[Input records — start]
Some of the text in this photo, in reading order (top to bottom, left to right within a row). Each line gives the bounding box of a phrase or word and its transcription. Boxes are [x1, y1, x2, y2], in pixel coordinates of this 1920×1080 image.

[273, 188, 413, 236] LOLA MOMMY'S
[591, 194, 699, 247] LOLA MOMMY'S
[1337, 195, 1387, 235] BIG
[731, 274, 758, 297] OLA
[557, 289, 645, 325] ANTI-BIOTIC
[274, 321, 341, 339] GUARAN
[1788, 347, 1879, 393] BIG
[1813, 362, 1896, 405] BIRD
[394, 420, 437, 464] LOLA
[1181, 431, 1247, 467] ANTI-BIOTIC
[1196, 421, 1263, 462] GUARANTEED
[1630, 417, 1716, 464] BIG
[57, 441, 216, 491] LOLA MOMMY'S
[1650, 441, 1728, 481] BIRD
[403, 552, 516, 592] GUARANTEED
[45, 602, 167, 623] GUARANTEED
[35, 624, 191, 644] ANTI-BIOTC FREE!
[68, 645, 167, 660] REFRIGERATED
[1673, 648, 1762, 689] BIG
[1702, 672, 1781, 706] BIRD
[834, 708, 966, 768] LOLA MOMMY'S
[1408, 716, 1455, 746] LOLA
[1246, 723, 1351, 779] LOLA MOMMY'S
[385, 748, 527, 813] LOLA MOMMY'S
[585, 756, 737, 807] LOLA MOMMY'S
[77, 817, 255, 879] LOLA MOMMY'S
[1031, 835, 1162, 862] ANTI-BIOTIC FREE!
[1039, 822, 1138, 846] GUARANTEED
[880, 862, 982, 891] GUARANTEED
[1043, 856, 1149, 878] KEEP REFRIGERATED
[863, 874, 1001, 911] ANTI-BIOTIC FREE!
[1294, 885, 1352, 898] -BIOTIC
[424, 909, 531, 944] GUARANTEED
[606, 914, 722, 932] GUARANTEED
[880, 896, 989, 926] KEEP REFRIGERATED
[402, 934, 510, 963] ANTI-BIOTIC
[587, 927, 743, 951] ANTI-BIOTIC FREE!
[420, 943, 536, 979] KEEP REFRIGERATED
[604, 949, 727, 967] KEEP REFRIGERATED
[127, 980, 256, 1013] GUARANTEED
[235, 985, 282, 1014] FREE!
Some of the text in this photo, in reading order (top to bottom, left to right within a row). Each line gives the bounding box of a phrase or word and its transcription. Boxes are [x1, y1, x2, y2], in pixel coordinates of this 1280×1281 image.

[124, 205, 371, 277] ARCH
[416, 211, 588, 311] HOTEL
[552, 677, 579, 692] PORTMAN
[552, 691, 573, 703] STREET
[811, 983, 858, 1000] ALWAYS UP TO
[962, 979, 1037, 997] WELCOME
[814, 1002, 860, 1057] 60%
[Input records — finish]
Set down exactly, and only, the lines from the one containing "this 1280×1281 image." to the final line of the data.

> Solution:
Some of the text in this photo, in reading order (top to bottom, left to right within a row). Each line gives the bounding box of a phrase or word and its transcription. Boxes are [x1, y1, x2, y2], in pixel coordinates of this 1280×1281 image.

[124, 205, 371, 277] ARCH
[416, 211, 588, 311] HOTEL
[552, 677, 579, 692] PORTMAN
[552, 691, 573, 703] STREET
[811, 983, 858, 1000] ALWAYS UP TO
[962, 979, 1037, 997] WELCOME
[814, 1002, 860, 1057] 60%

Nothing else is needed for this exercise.